Siti Aminah Tardi dari Komnas Perempuan mendukung langkah para ibu tunggal mengajukan permohonan uji materiil pasal bermasalah ini ke Mahkamah Konstitusi.

Jika mencermati isi pasal tersebut, kata Ami, polisi semestinya berpatokan pada frasa "menarik seseorang yang belum cukup umur dari kekuasaan yang menurut undang-undang ditentukan atas dirinya atau dari pengawasan orang yang berwenang".

Apa yang dilakukan oleh lima perempuan ini, kata Ami, mewakili perempuan-perempuan lain yang tak berdaya meski telah mengantongi hak asuh yang sah. Sederhananya, siapa pun yang mengambil paksa tanpa hak secara hukum, bisa dipidana terlepas bahwa itu ayah atau ibu kandung, menurut Ami.

"Contoh ketika hak asuh yang sah jatuh ke tangan ibu, maka ayah kandung jika ingin mengajak jalan-jalan anak ke luar negeri harus seizin ibunya."
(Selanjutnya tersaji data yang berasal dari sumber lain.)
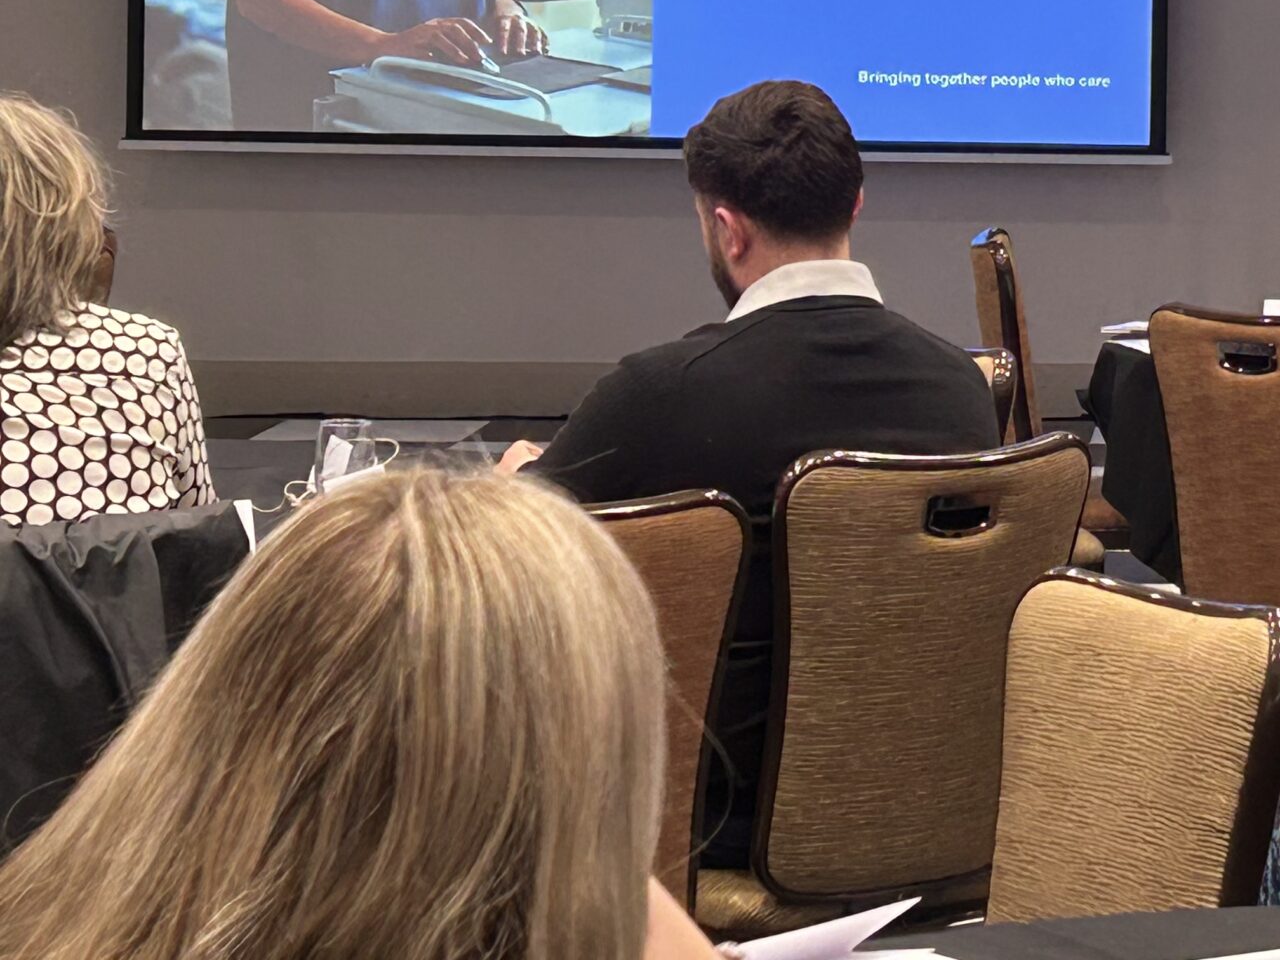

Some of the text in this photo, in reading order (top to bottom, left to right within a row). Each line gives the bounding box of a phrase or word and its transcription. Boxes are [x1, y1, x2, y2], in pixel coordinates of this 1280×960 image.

"Jadi memang betul Pasal 330 ayat 1 harus diberikan tafsir yang jelas."

Kepala Unit Perlindungan Perempuan dan Anak (PPA) Polri, AKBP Ema Rahmawati, mengakui secara terang benderang soal adanya ketidaksamaan penafsiran di antara penegak hukum mengenai Pasal 330 ayat 1 KUHP sehingga implementasi di lapangan memang jadi berbeda-beda.

Namun, katanya, sebagian besar polisi masih berpandangan bahwa anak berhak diasuh oleh kedua orang tuanya walaupun kuasa hak asuh berada di salah satu pihak – merujuk pada UU Perlindungan Anak.

Itu mengapa kendati anak tersebut "diambil paksa" oleh salah satu orang tua yang sudah bercerai dan tak memiliki hak asuh yang sah, dianggap bukanlah tindak pidana penculikan. Sebab ayah maupun ibu berhak memberikan kasih sayang dan pengasuhan, kata Ema.

"Pemahaman tadilah yang membuat ambigu terhadap penafsiran Pasal 330 ayat 1 KUHP ini, jadi ketika anak berada dalam kuasa hak asuh ibu dan diambil paksa oleh suaminya, tidak bisa dilaporkan penculikan," jelas Ema.

"Kecuali yang mengambil paksa bukan oleh orang tuanya, kami bisa pakai Pasal 330 ayat 1 dan ada yang sudah P21 berkas perkara penyidikan lengkap."

Di tengah situasi yang disebutnya "ambigu" tersebut, Ema mengatakan ada baiknya memang diuji ke Mahkamah Konstitusi agar ada kejelasan soal tafsir pasal ini.

Apakah frasa barang siapa bisa mencakup orang tua kandung atau tidak.

Jika hakim konstitusi nantinya memutuskan frasa 'barang siapa' dapat menyasar ayah dan ibu kandung maka para penyelidik dan penyidik di lapangan tak akan lagi menolak laporan yang diadukan, klaimnya. Begitu juga jaksa dan hakim, menurutnya, akan menyeragamkan pemahaman.

"Asal jelas barang siapa meliputi tidak terkecuali orang tua kandung, maju jalan kami, enggak ada penolakan-penolakan lagi atas kasus-kasus begini."

Kini, sidang permohonan Angelia, Shelvia, dan tiga ibu tunggal lainnya bakal memasuki babak akhir di Mahkamah Konstitusi. Angelia, ibunda EJ, sangat berharap hakim MK mendengarkan suaranya, karena yang dia inginkan hanya agar anaknya ditemukan.